▶ _WHAT IS BEING ASKED_
Nothing in the records should change; write them all out again.

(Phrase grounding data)

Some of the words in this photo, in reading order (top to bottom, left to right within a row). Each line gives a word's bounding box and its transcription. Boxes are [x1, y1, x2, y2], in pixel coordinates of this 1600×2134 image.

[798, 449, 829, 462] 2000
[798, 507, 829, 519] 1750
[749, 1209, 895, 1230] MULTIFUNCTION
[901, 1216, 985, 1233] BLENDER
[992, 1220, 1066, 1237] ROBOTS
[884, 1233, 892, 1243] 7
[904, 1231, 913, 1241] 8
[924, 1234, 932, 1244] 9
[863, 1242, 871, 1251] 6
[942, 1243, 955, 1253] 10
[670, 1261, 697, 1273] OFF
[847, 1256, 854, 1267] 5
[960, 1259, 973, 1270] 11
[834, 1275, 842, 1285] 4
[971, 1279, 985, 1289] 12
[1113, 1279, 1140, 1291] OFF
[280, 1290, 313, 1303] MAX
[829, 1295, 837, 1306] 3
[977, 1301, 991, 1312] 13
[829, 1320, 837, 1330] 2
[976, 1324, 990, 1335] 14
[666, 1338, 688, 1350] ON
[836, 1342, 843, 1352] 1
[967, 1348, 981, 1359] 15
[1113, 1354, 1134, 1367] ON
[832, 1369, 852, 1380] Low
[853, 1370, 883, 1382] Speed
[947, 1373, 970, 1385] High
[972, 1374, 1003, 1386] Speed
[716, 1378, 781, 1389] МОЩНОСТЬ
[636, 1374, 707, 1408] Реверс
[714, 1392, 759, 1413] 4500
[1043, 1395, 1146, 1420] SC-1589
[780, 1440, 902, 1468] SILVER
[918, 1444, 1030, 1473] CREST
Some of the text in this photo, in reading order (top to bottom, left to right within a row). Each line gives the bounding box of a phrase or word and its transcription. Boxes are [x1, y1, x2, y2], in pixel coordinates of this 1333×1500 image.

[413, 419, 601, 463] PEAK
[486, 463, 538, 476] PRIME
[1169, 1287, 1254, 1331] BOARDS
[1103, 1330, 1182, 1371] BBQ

▶ _OUTPUT OF THE EXERCISE_
Some of the words in this photo, in reading order (top to bottom, left to right within a row). Each line gives a word's bounding box and its transcription. Boxes are [x1, y1, x2, y2], in pixel coordinates of this 1600×2134 image.

[798, 449, 829, 462] 2000
[798, 507, 829, 519] 1750
[749, 1209, 895, 1230] MULTIFUNCTION
[901, 1216, 985, 1233] BLENDER
[992, 1220, 1066, 1237] ROBOTS
[884, 1233, 892, 1243] 7
[904, 1231, 913, 1241] 8
[924, 1234, 932, 1244] 9
[863, 1242, 871, 1251] 6
[942, 1243, 955, 1253] 10
[670, 1261, 697, 1273] OFF
[847, 1256, 854, 1267] 5
[960, 1259, 973, 1270] 11
[834, 1275, 842, 1285] 4
[971, 1279, 985, 1289] 12
[1113, 1279, 1140, 1291] OFF
[280, 1290, 313, 1303] MAX
[829, 1295, 837, 1306] 3
[977, 1301, 991, 1312] 13
[829, 1320, 837, 1330] 2
[976, 1324, 990, 1335] 14
[666, 1338, 688, 1350] ON
[836, 1342, 843, 1352] 1
[967, 1348, 981, 1359] 15
[1113, 1354, 1134, 1367] ON
[832, 1369, 852, 1380] Low
[853, 1370, 883, 1382] Speed
[947, 1373, 970, 1385] High
[972, 1374, 1003, 1386] Speed
[716, 1378, 781, 1389] МОЩНОСТЬ
[636, 1374, 707, 1408] Реверс
[714, 1392, 759, 1413] 4500
[1043, 1395, 1146, 1420] SC-1589
[780, 1440, 902, 1468] SILVER
[918, 1444, 1030, 1473] CREST
Some of the text in this photo, in reading order (top to bottom, left to right within a row). Each line gives the bounding box of a phrase or word and its transcription. Boxes are [x1, y1, x2, y2], in pixel coordinates of this 1333×1500 image.

[413, 419, 601, 463] PEAK
[486, 463, 538, 476] PRIME
[1169, 1287, 1254, 1331] BOARDS
[1103, 1330, 1182, 1371] BBQ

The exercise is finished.